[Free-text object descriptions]
=== Begin Enclosure ===
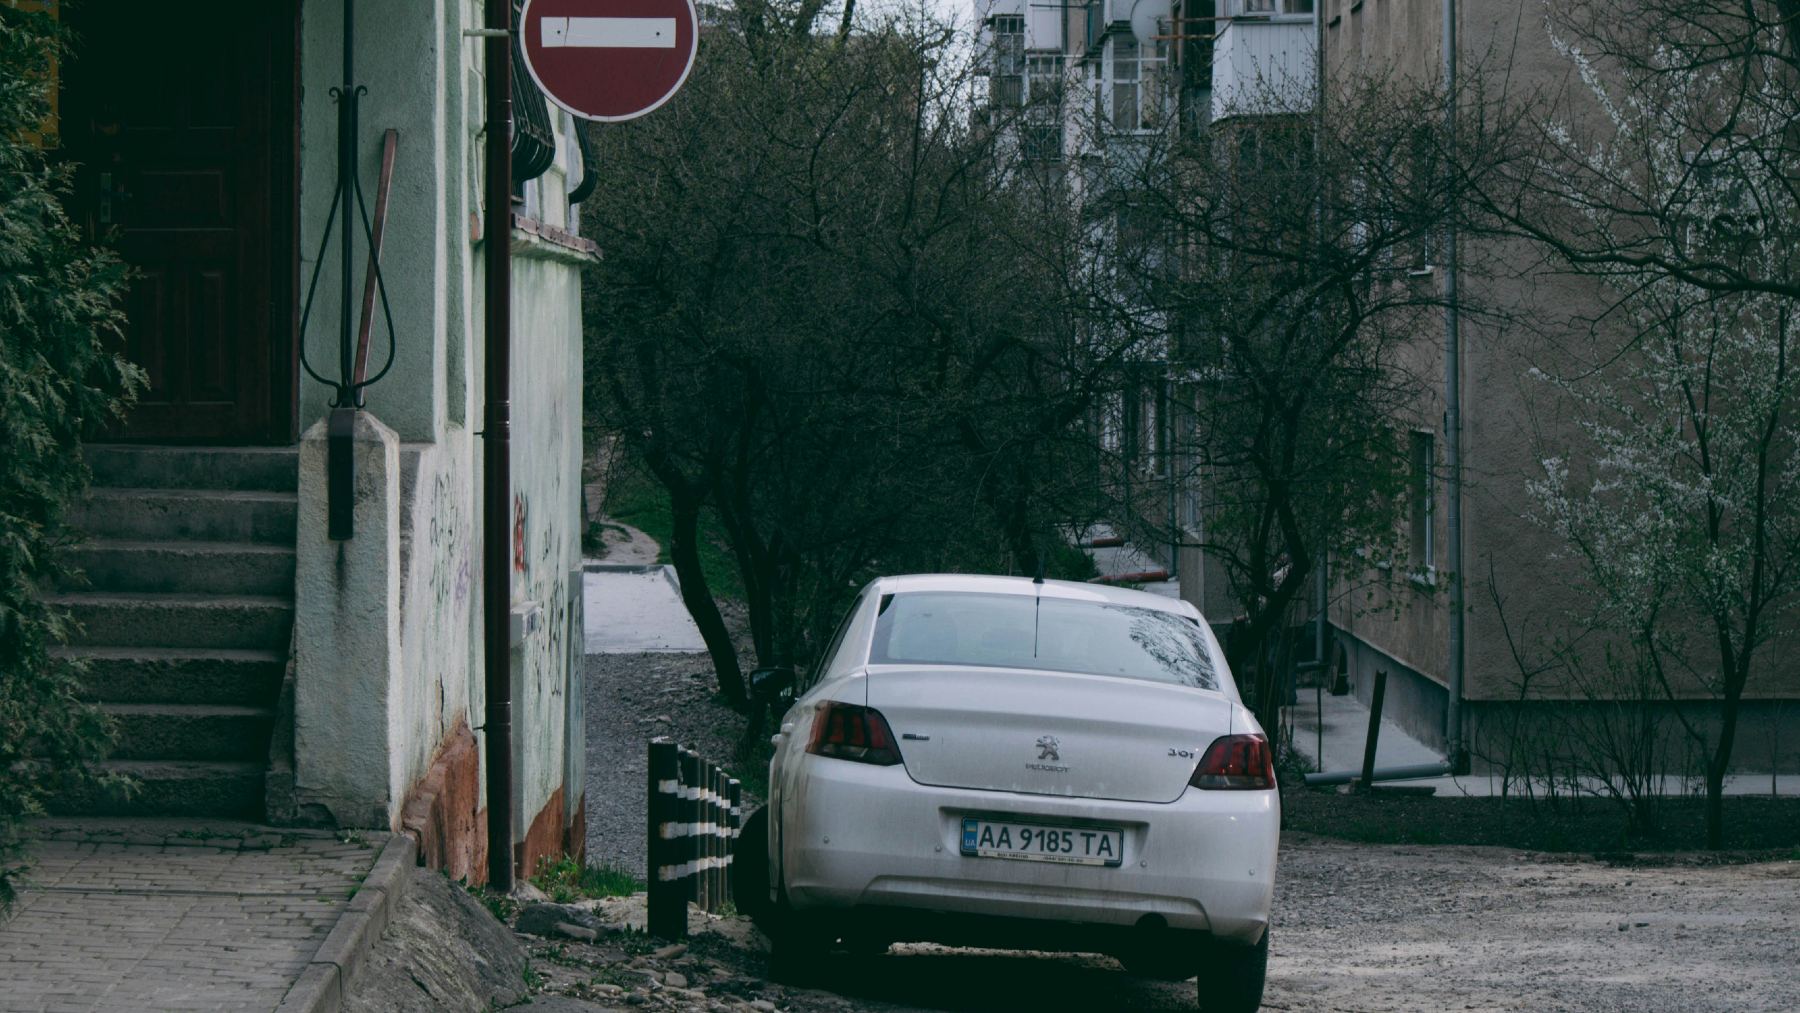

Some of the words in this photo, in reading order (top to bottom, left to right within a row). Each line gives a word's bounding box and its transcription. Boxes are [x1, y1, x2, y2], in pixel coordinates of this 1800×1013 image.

[1025, 762, 1070, 772] PEUGEOT
[978, 825, 1012, 849] AA
[1020, 828, 1073, 853] 9185
[1080, 832, 1113, 857] TA
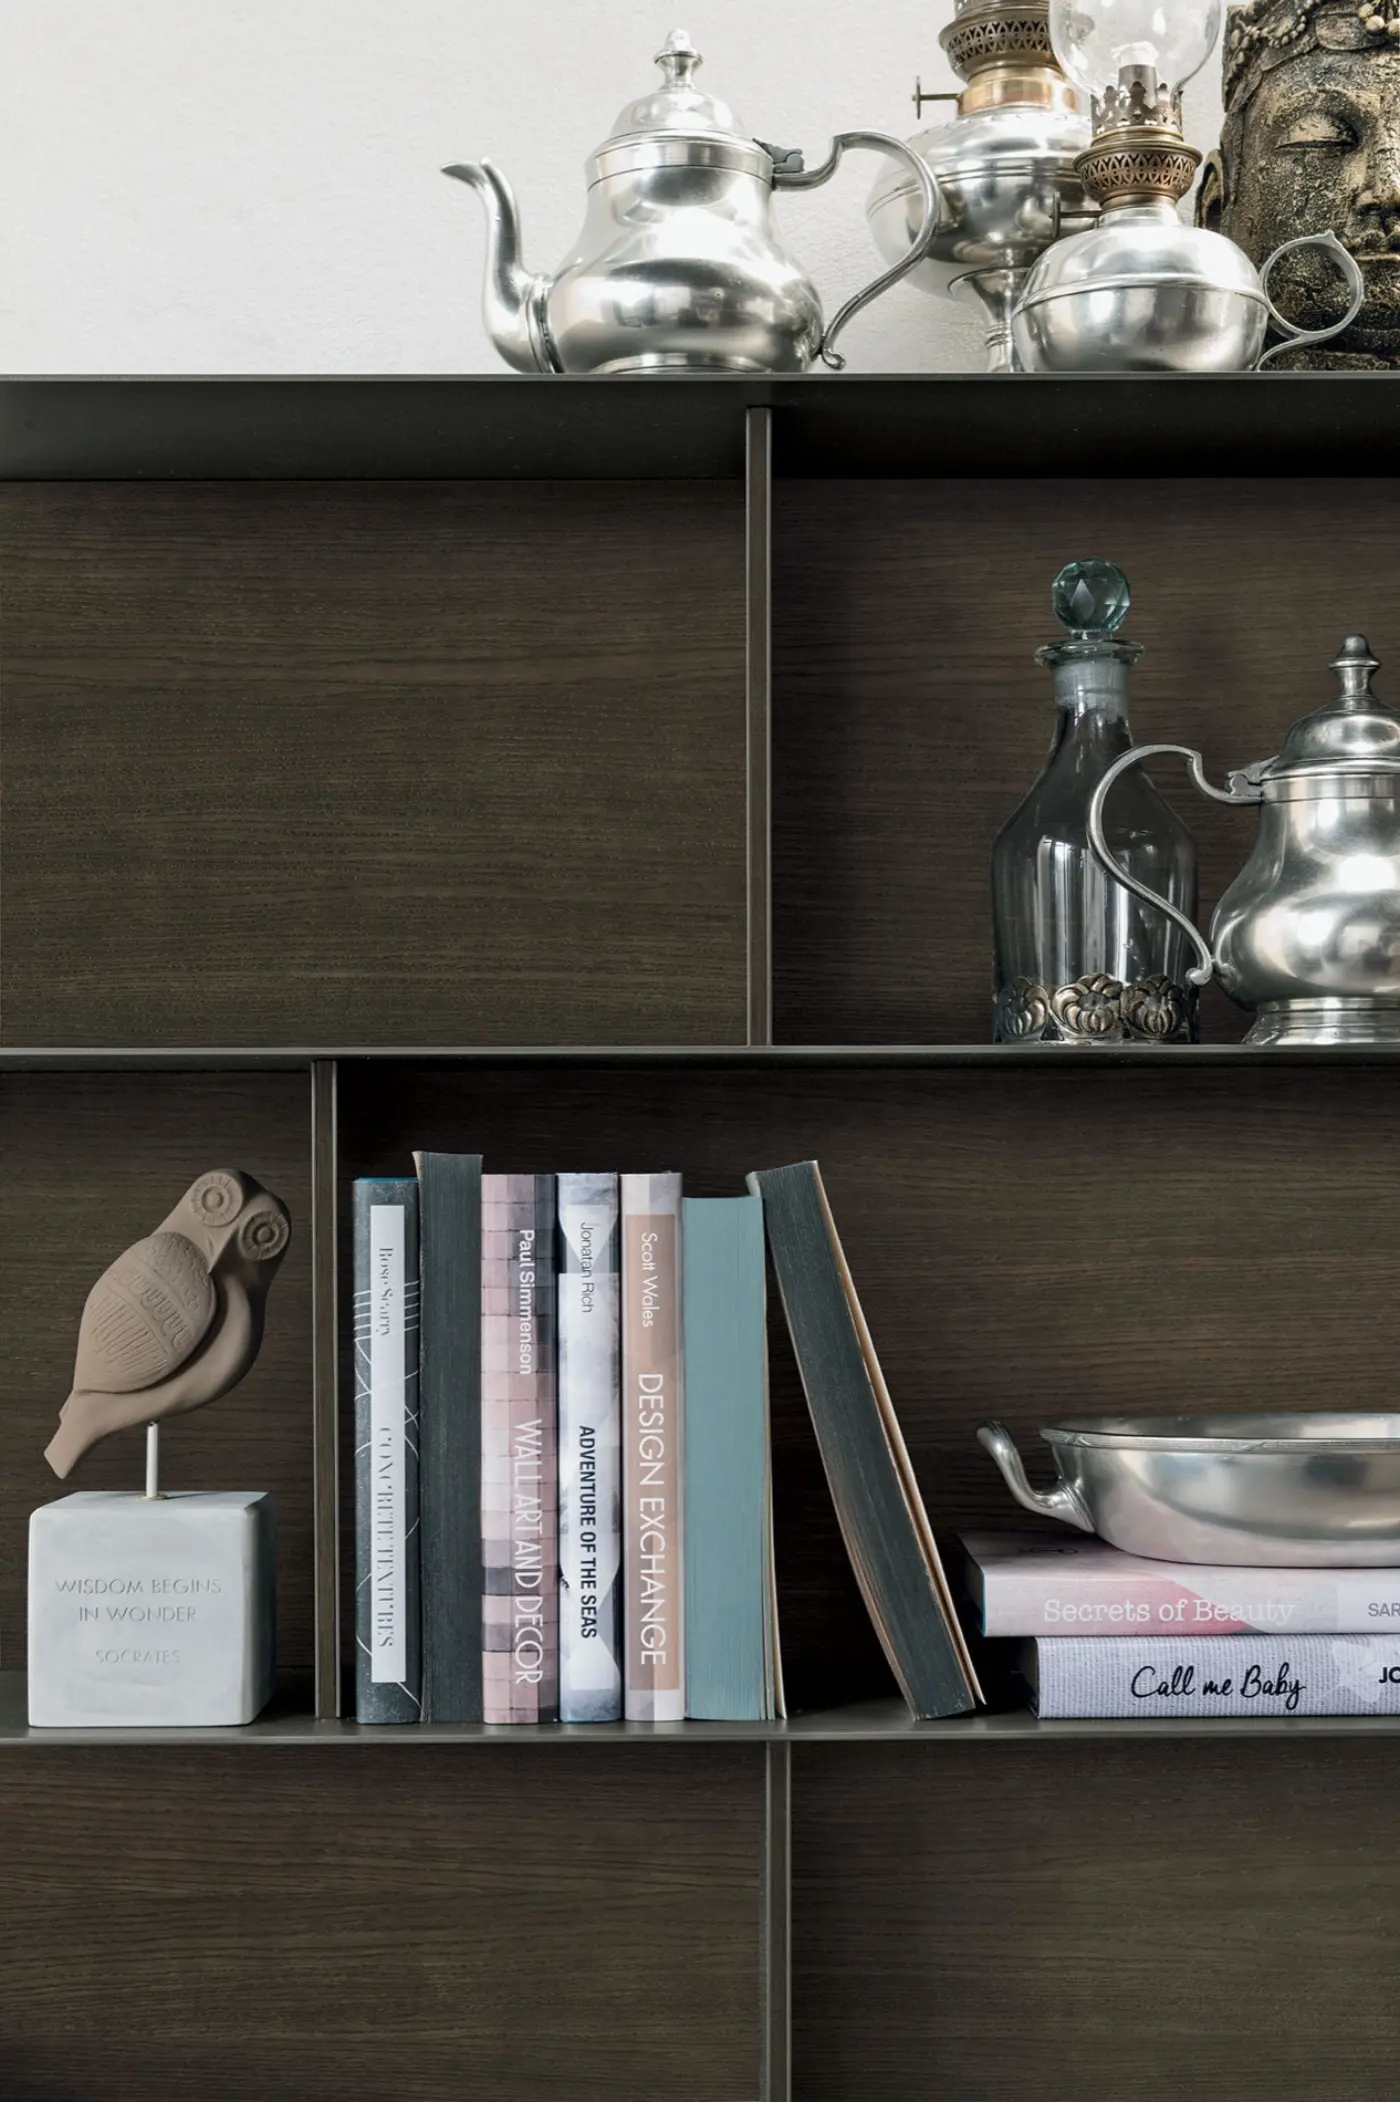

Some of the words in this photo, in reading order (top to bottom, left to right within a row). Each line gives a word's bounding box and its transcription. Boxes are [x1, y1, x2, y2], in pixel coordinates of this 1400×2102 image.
=== End Enclosure ===
__PROBLEM STATEMENT__. Retype every entry above exactly, leaving out the pictures.

__EXERCISE ANSWER__.
Some of the words in this photo, in reading order (top to bottom, left to right within a row). Each line gives a word's bounding box and its transcription. Boxes are [x1, y1, x2, y2], in pixel coordinates of this 1800×1013 image.

[1025, 762, 1070, 772] PEUGEOT
[978, 825, 1012, 849] AA
[1020, 828, 1073, 853] 9185
[1080, 832, 1113, 857] TA

Some of the words in this photo, in reading order (top to bottom, left to right within a row). Each line gives a word's bounding box and its transcription. Boxes are [x1, y1, x2, y2], in pixel coordinates of this 1400×2102 image.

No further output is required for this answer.